Build an AI Chat App in SwiftUI: Streaming From Scratch vs the Pre-Wired Version
A working AI chat screen is deceptively hard: the bubble UI takes an afternoon, but token streaming, cancellation, and secure key handling are where weeks disappear. This guide walks the from-scratch path step by step, then shows what's already wired in The Swift Kit.
To build an AI chat app in SwiftUI you stream responses from an LLM (OpenAI, Anthropic Claude, or Apple Foundation Models) into a scrolling list of message bubbles, appending tokens to the last message as they arrive over a URLSession bytes stream. The hard parts are not the UI — they are server-side key handling, per-token state updates without stutter, request cancellation, and rate limiting. You can write this from scratch in roughly a week, or start from The Swift Kit, where the streaming chat, proxied keys, and rate limiting are already wired.
Why the bubbles are the easy 10%
Most 'build a SwiftUI ChatGPT clone' tutorials stop at a pretty bubble list and a single non-streaming request. That demo looks finished but ships almost none of the real work. The hard 90% is everything around the UI: streaming tokens so the response feels alive instead of arriving as a frozen block, keeping the key off the device so it can't be scraped from your binary, cancelling an in-flight generation cleanly, retrying after a dropped connection without losing the partial answer, and stopping a single user from burning your entire OpenAI budget in an afternoon. None of that shows up in a screenshot, which is exactly why it gets underestimated. Streaming in particular changes the architecture: your view model must mutate the last message in place on the main actor, your network layer reads bytes incrementally rather than awaiting a full body, and your provider abstraction has to normalize different SSE formats between OpenAI and Claude.

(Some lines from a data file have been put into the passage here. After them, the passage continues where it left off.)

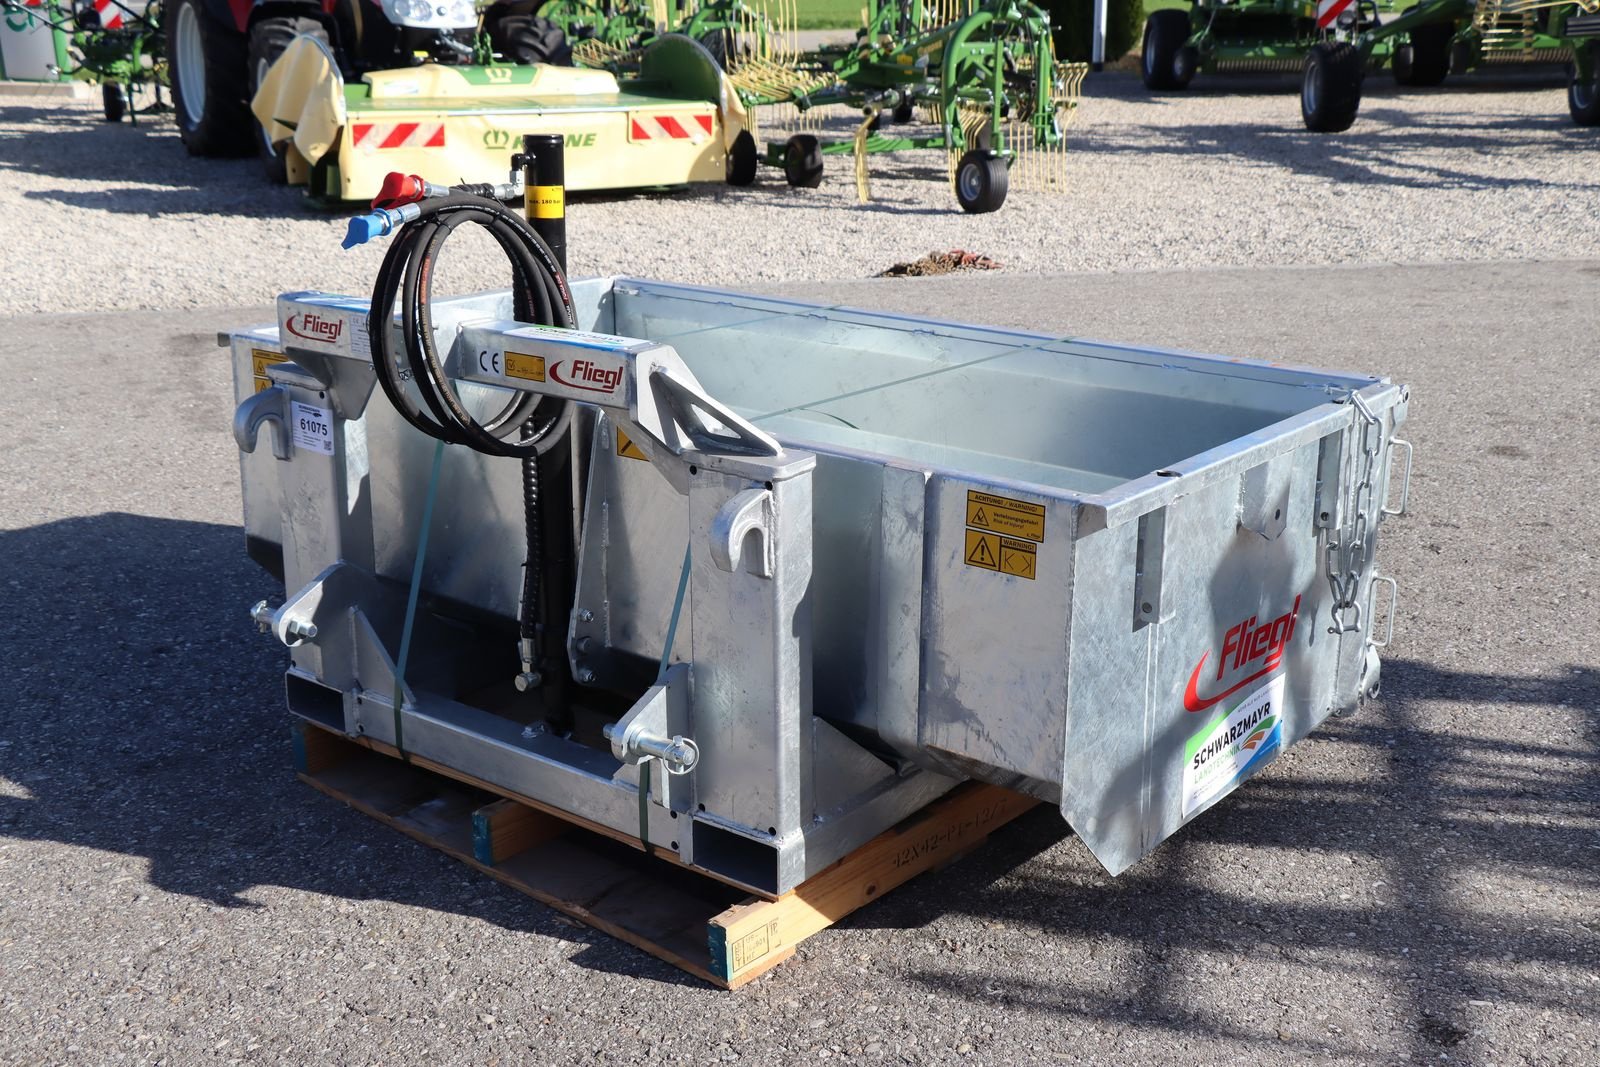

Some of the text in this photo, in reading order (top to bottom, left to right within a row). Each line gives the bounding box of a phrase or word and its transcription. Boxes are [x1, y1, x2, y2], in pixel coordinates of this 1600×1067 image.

[512, 133, 597, 149] KNE
[303, 314, 343, 340] Fliegl
[479, 350, 499, 374] CE
[571, 359, 624, 389] Fliegl
[300, 418, 328, 436] 61075
[1008, 502, 1038, 513] WARNING!
[1003, 538, 1035, 550] WARNING!
[1216, 593, 1302, 681] Fliegl
[1192, 700, 1272, 771] SCHWARZMAYR
[1193, 742, 1242, 785] LANDTECHNIK
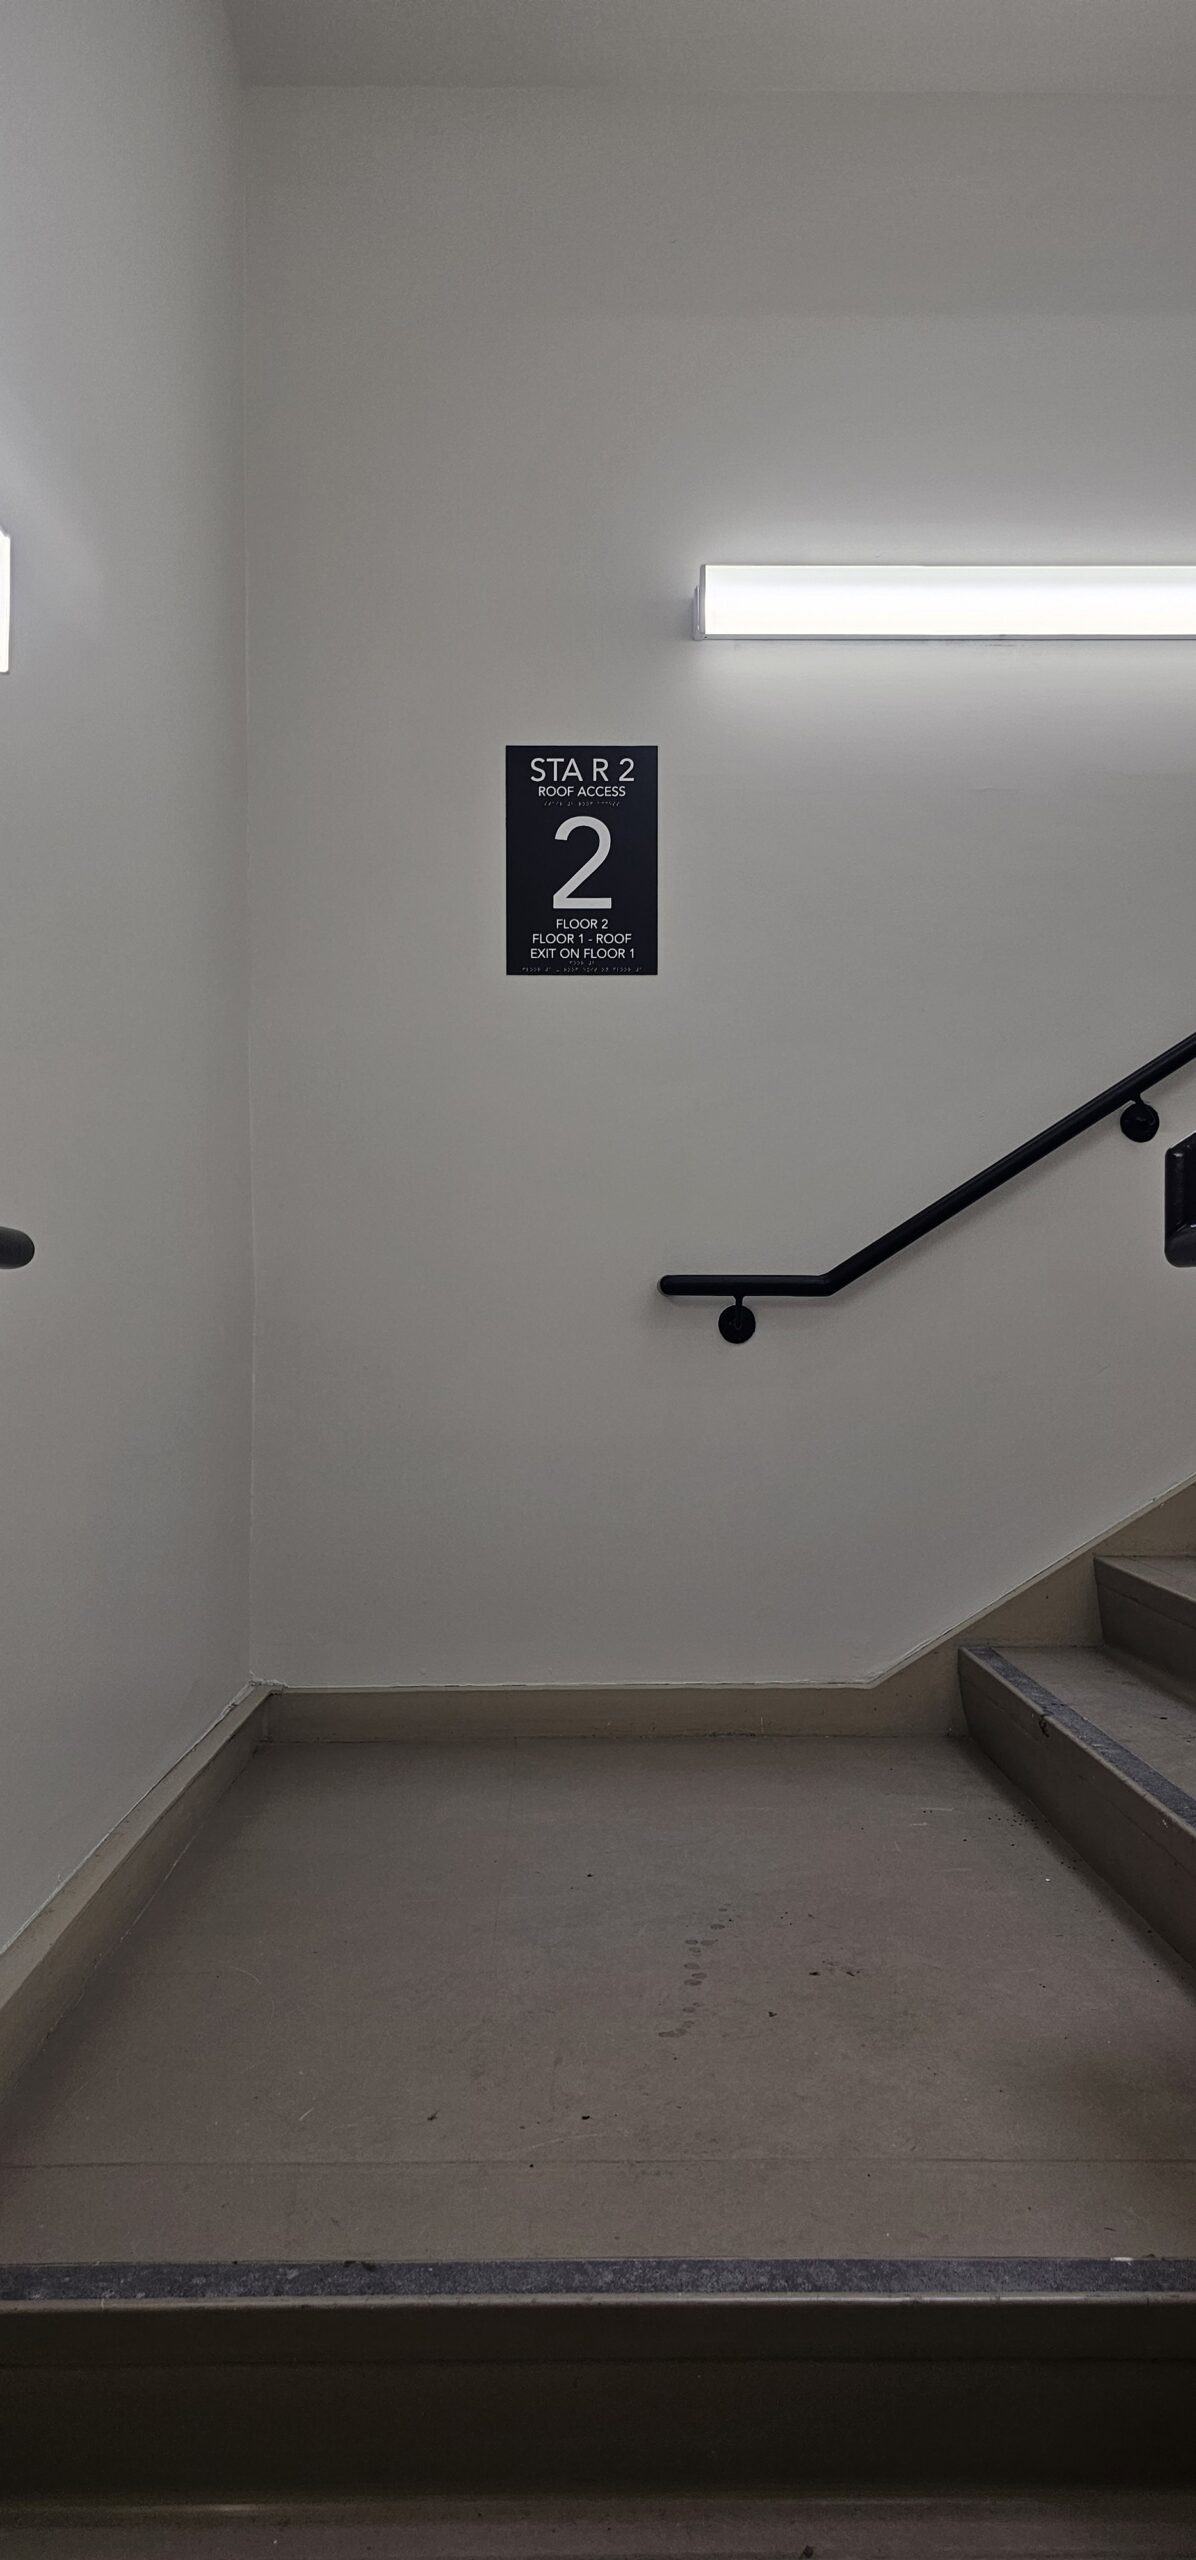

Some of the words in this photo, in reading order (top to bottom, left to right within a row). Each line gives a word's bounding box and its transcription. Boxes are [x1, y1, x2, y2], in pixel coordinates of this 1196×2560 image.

- Streaming changes your whole network + state layer, not just the view
- Server-side key proxying is non-negotiable for a shipped app
- Cancellation, retry, and rate limiting are the parts demos skip
From scratch vs the pre-wired version
Writing it yourself is the right call when AI chat IS the product and you want full control over the provider abstraction, prompt pipeline, and streaming internals — you will learn a lot and own every line. The trade-off is honest: expect roughly a week to reach something robust, plus ongoing maintenance as provider APIs shift. The pre-wired path is The Swift Kit, where streaming chat against OpenAI, Anthropic Claude, and free on-device Apple Foundation Models is already built, with keys proxied through Supabase Edge Functions and per-user rate limiting in place. You start at the feature work — your prompts, your UX — instead of the plumbing. The Swift Kit is $99 one-time for unlimited commercial projects with lifetime updates and a 14-day refund, so the math is simply whether a week-plus of plumbing is worth more than $99 to you. If chat is one feature in a larger app rather than the whole app, the pre-wired version almost always wins.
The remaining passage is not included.